Podcast

017: The Heart of Dating | a conversation with Kait Warman and Kat Harris

08.13.18

Kait Warman is an LA-based lifestyle blogger, inspirational speaker, creator of the podcast “The Heart of Dating”, and co-founder of the creative content company Kait Kat. She is a dear friend and single Christian woman. She is particularly focused on heartbreak and relationships.  And her mission is to empower women to have the courage to own their story, walk in victory, and thrive with purpose. Her hope is that the dating world will change. Today we talk all about navigating the world of dating as Christian women in 2018.

 

Dating Stories: The Good, the Bad, and the Ugly

  • Kait tells me about her worst date.  She dressed up all fancy for their reservations at a nice Italian restaurant? and he was wearing gym shorts, Nike slides–you know the kind you wear in the shower, and wet hair.  Like did he forget they were going on a date, and remember when he was mid-shower?
  • We talk about how men think women’s expectations are astronomical, but they really are not.  It’s the little things, and the thought and detail that matter. Whether a walk in the park with a coffee, or remembering something specific from a previous conversation and following-up on that.
  • “It doesn’t matter where your bank account is, it matters where your heart is.”
  • “I want you to dress up however you like, and be ready for a surprise evening.” ?the best date Kait has ever been on. (Of course I had to ask her what her best date was if I asked her what her worst date was).
  • There was romantic jazz music, and a French restaurant involved, you guys. And then, they saw La La Land at the Hollywood Bowl with a live orchestra!!  All the feels y’all.
  • She loves when a guy puts thought and research into a date, but recognizes it goes both ways. “We can also plan dates for guys.”

Drop the Hanky

  • We talk about how women like to be pursued.  But also what it’s like to create space in an inviting and feminine way–not manipulative–to let a brotha know you’re interested.
  • Back in the day, a woman would sit in a café, make eye contact with a man, and drop her hanky. This was an invitation for him to come pick it up.  It let him know she was interested in him. How can we practice droppin’ the hanky today ladies?
  • Kait talks about the book How to get a Date Worth Keeping by Henry Cloud and being active in finding a man.
  • “Girl, unless you’re going to be marrying the FedEx guy, God is not going to be dropping a man at your doorstep.”
  • There are so many places to meet a guy, and you gotta to be open to it looking differently than you thought it would look for yourself.
  • Aside from dating, just be open to small conversations with people in the name of being friendly and present. “We just want to be seen.”
  • Practice the art of being curious.
  • “There’s so much beauty in recognizing the value of people, even in small ways.”

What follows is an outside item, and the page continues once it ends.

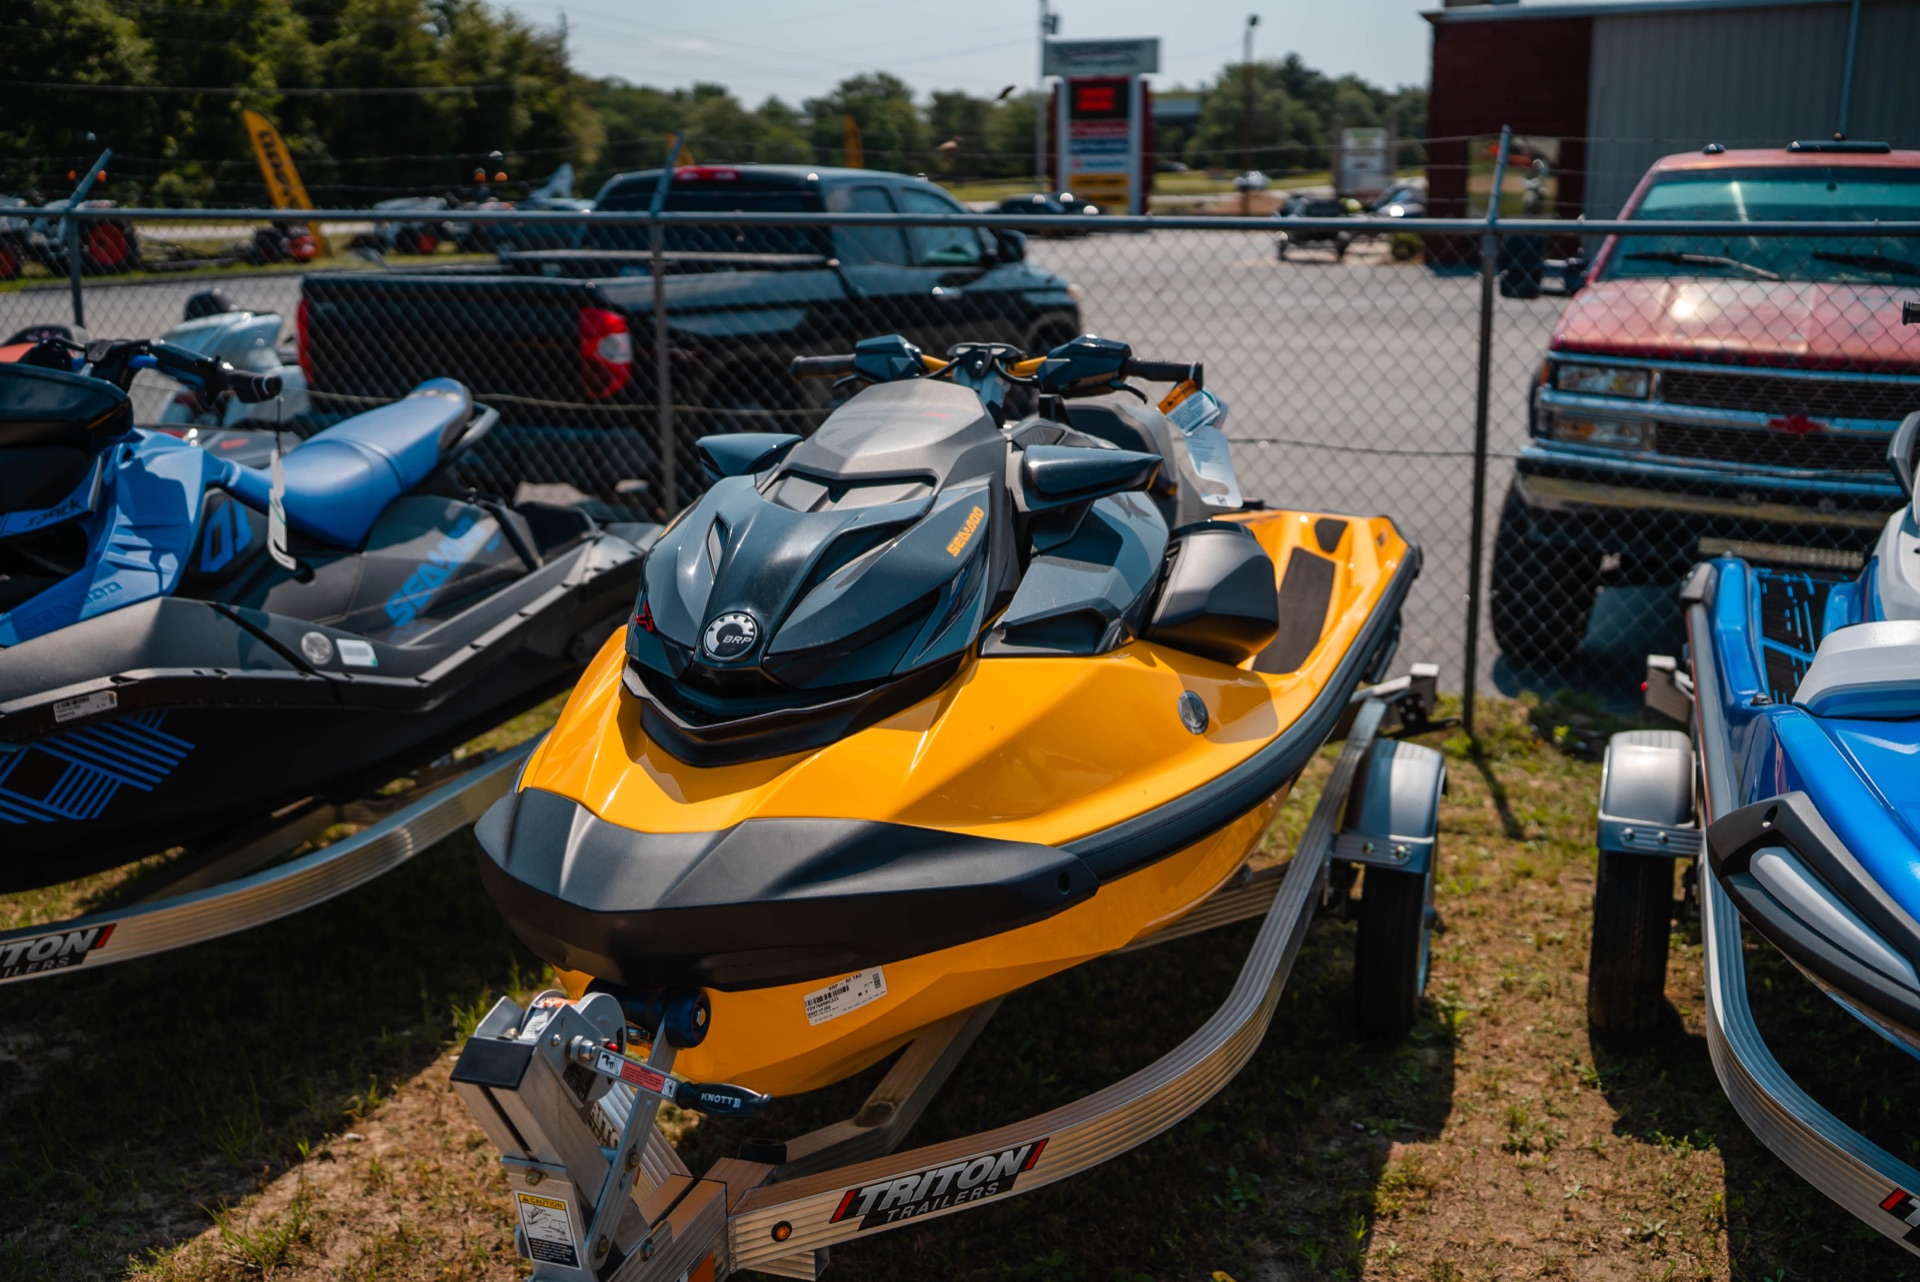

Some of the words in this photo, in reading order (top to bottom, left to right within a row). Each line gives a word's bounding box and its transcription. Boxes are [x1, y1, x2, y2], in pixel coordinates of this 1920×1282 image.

The Heart of Dating, The Fear of Dating

  • We all have rocky relationship pasts, but discussion of this came to the forefront of Kait’s life in the last few years.
  • The Bible doesn’t have a lot to say about dating in particular.  But man does it have wisdom. We all need more resources and The Heart of Dating is that resource.
  • “For me, what would be most impactful is just starting the conversation.”
  • Kait recognizes that she has wrapped up her identity in past relationships, and she fears having that happen again.
  • “My whole life battle and journey has been in seeking affirmation in men.”
  • Recognizing fears is one thing, and moving through them is another. We can’t box up fear and let them sit in our minds.  They’ll just fester.
  • “That box is never going to disappear unless you sort through it and get rid of it.”
  • She took the time to write out all of the lies she has been telling herself. Then, she replaced those lies with truths. She took control of her own healing.
  • “God, I am going to reroute my thoughts. I am going to take every thought captive and make them obedient to you. I want to renew my thoughts.”

What She Has Learned

  • We don’t have just one soul mate. Just think if one person in the whole of human existence made a mistake–the whole thing would crumble. The one becomes the one when we choose them, and then continue to choose them each day.  If you want to read more about this, read The Sacred Search by Gary Thomas.
  • It’s important to recognize that we need to be using our time of singleness wisely. This is something we have learned through a mutual podcast guest, Jon Tyson!
  • Give people an opportunity and step out of your comfort zones! Be open to God’s plans.

You can find Kait over at @kaitness and @heartofdating. Go start a conversation with her, friends!

Make sure to head over to iTunes to subscribe, rate, and review. It means the world! If you’ve already left a review, check out this episode to see if I read your review on air!

This episode is brought to you by ME! I made a guide with five days of meditation and prayer. This is our newest freebie so don’t miss out! You can find it here. There is no right or wrong way to use this guide, no matter your faith or meditation experience.

Check out this episode!

XO,

Kat

Life / The Refined Collective

The Refined Collective // Scarcity

08.09.18

At the beginning of adulthood it seems that each revelation creates a lasting change.  You say things like, “I used to struggle with that, until I realized this.”  Growth requires some effort, and yet there’s hope because it seems linear.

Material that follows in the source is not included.